Series = God’s love in the midst of disaster
“In the fourth generation your descendants will come back here, for the sin of the Amorites has not yet reached its full measure.” Genesis 15:16
Shortly after I became a disciple of the Lord Jesus one of my sisters followed suit, and not long after that one of her two sons also became a Christian. My late brother-in-law was a civil engineer, so when his wife and son shared their faith with him he decided to investigate by reading the Bible, the technical manual, from the beginning. He hadn’t got further than the middle of Genesis when he phoned me in confusion. “But this book is full of death and sacrifices, earthquakes and floods! What’s going on? I though you guys said that God is love?!” 
It is true, and there is no way getting around it; God did use natural calamities to judge humanity and He did order the extermination of whole nations. How do we account for this? Is the God of the Old Testament a different deity to the God of the New Testament? No He isn’t. Jesus used the ancient divine ascription “I am” when referring to himself (John 6:48 et al). When Phillip asked to be shown the Father (reference to the God of the Hebrews) Jesus said “Don’t you know me, Philip, even after I have been among you such a long time? Anyone who has seen me has seen the Father. How can you say, ‘Show us the Father’? “(John 14:9-10).

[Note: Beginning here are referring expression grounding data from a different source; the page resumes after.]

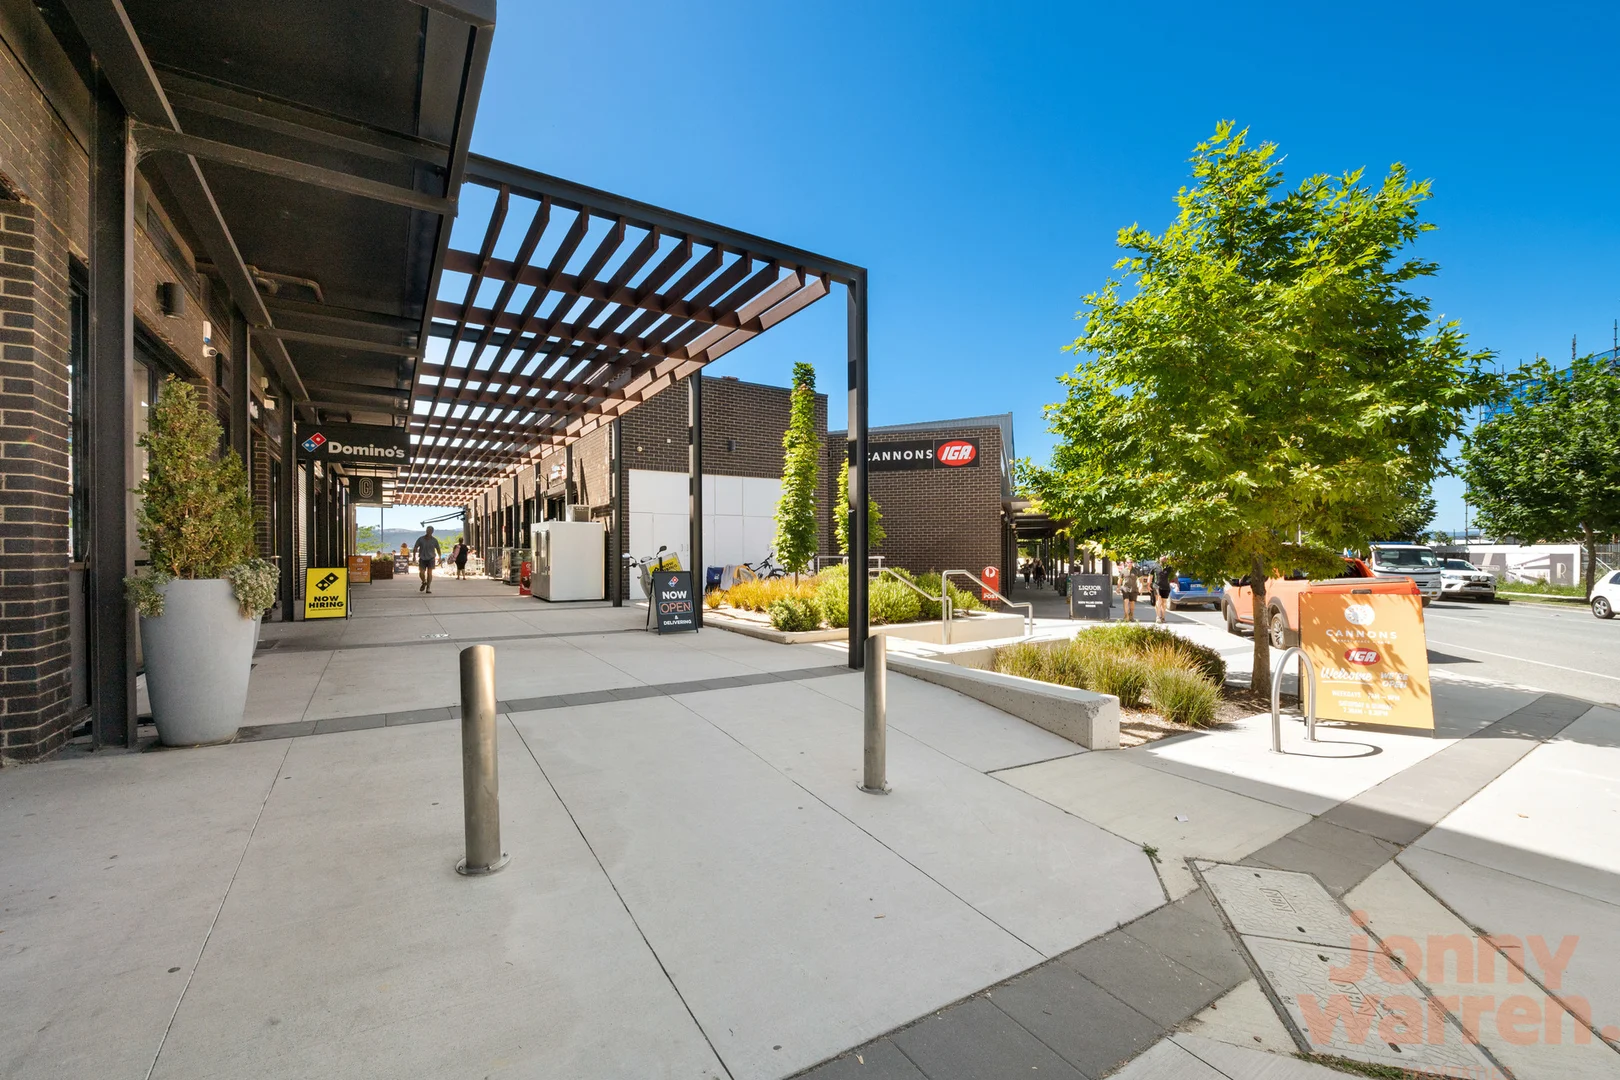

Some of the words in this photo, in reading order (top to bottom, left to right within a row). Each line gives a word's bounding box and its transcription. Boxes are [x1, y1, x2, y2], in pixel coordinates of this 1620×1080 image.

[328, 441, 405, 458] Domino's
[868, 449, 933, 461] ANNONS
[941, 445, 973, 460] IGA
[662, 591, 687, 599] NOW
[660, 602, 691, 613] OPEN
[1326, 629, 1398, 639] CANNONS
[1348, 651, 1377, 662] IGA
[1320, 666, 1373, 681] Welcome
[1381, 681, 1407, 689] OPEN

No, The Father is God and Jesus Christ the Son is God and there is no difference between the God of the Old and the God of the New. Jesus demonstrated the love of God and John defined God as ‘love’ (1 John 4;8), and wrote the famous words ‘For God so loved the world that he gave his one and only Son, that whoever believes in him shall not perish but have eternal life.’ (John 3:16)

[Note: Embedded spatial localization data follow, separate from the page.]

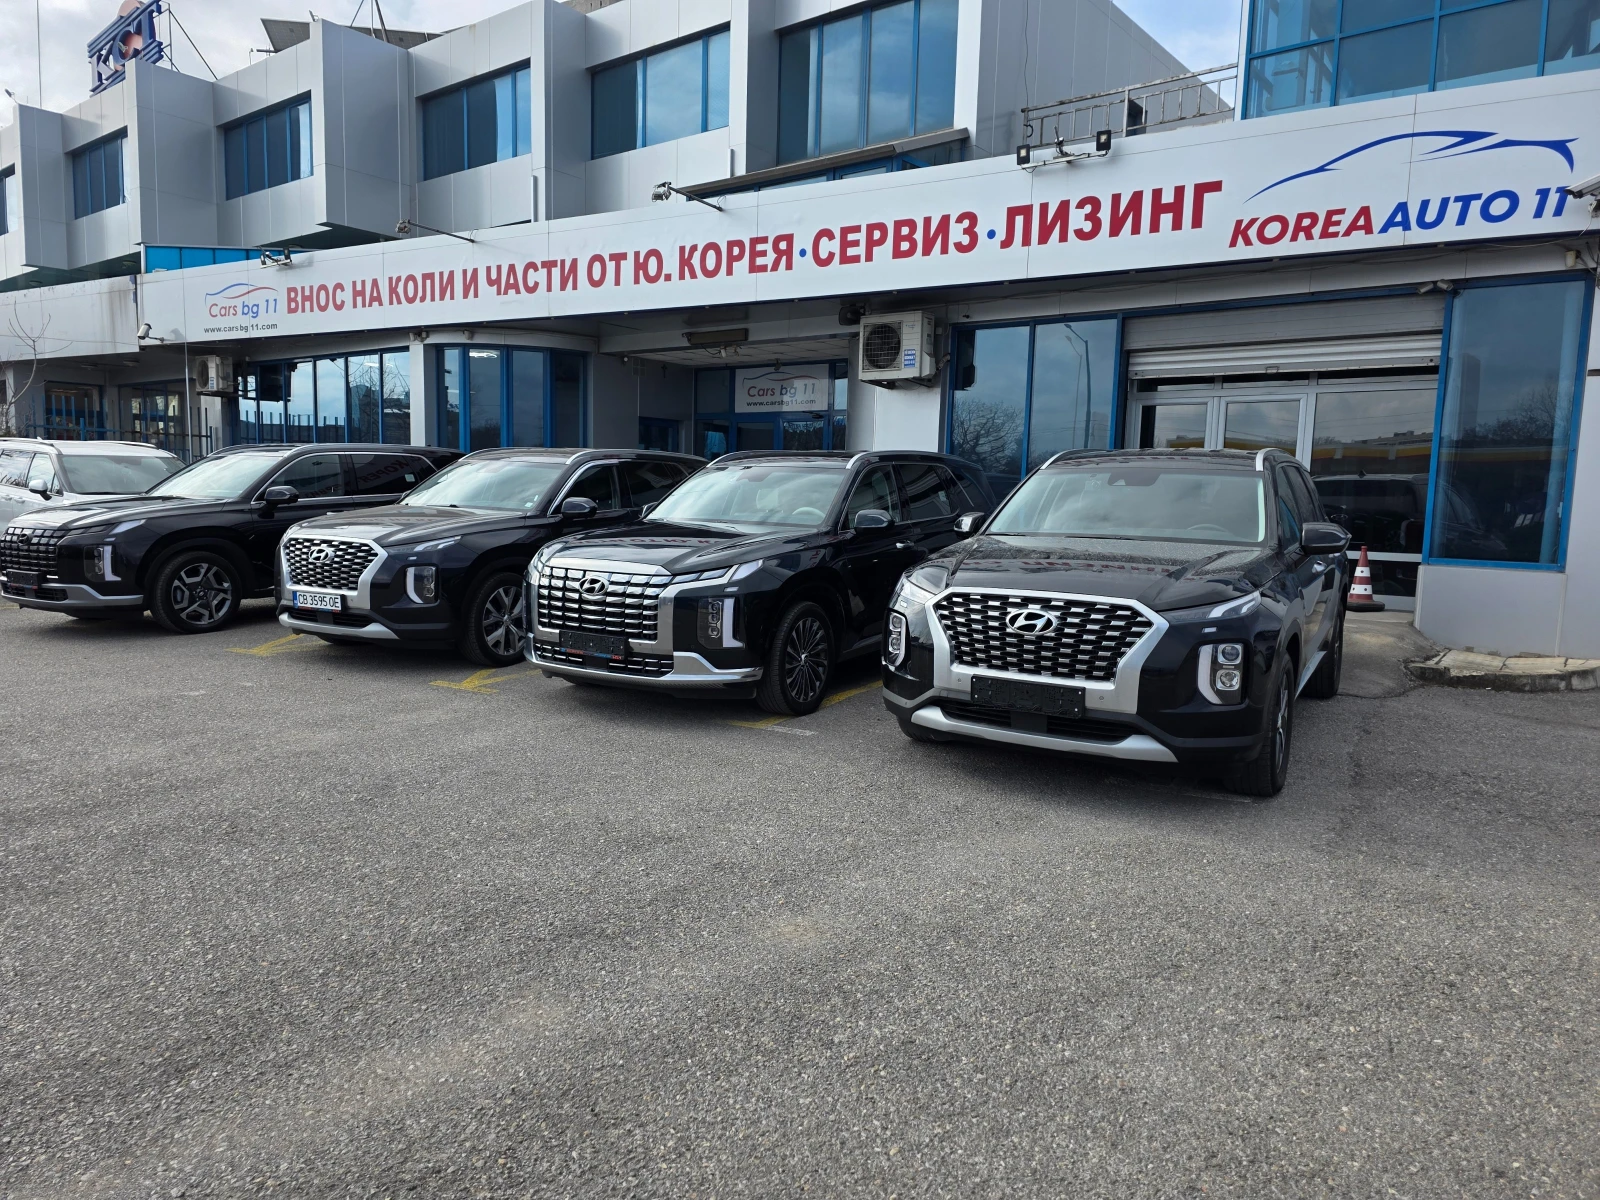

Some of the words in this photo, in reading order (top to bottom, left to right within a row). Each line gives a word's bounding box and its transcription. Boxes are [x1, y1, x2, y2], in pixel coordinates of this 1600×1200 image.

[1228, 205, 1374, 249] KOREA
[1377, 188, 1521, 235] AUTO
[1532, 185, 1571, 220] 11
[286, 283, 345, 315] ВНОС
[351, 278, 384, 309] НА
[388, 270, 456, 306] КОЛИ
[461, 268, 479, 299] И
[485, 257, 578, 296] ЧАСТИ
[586, 251, 628, 288] ОТ
[632, 248, 672, 285] Ю.
[677, 233, 795, 282] КОРЕЯ
[810, 211, 980, 269] СЕРВИЗ
[999, 179, 1224, 250] ЛИЗИНГ
[209, 303, 238, 318] Cars
[241, 301, 260, 319] bg
[265, 298, 278, 314] 11
[747, 385, 776, 398] Cars
[779, 384, 798, 399] bg
[803, 382, 816, 395] 11
[746, 399, 816, 407] www.carsbg11.com
[298, 593, 308, 605] CB
[309, 595, 327, 607] 3595

So then, what is the divinely ordered genocide of the Amorites all about? Well this is what is recorded in Deuteronomy 20:16-18; “in the cities of the nations the Lord your God is giving you as an inheritance, do not leave alive anything that breathes. Completely destroy them — the Hittites, Amorites, Canaanites, Perizzites, Hivites and Jebusites — as the Lord your God has commanded you. Otherwise, they will teach you to follow all the detestable things they do in worshiping their gods, and you will sin against the Lord your God.” So why would God, who is love, order a mass extinction?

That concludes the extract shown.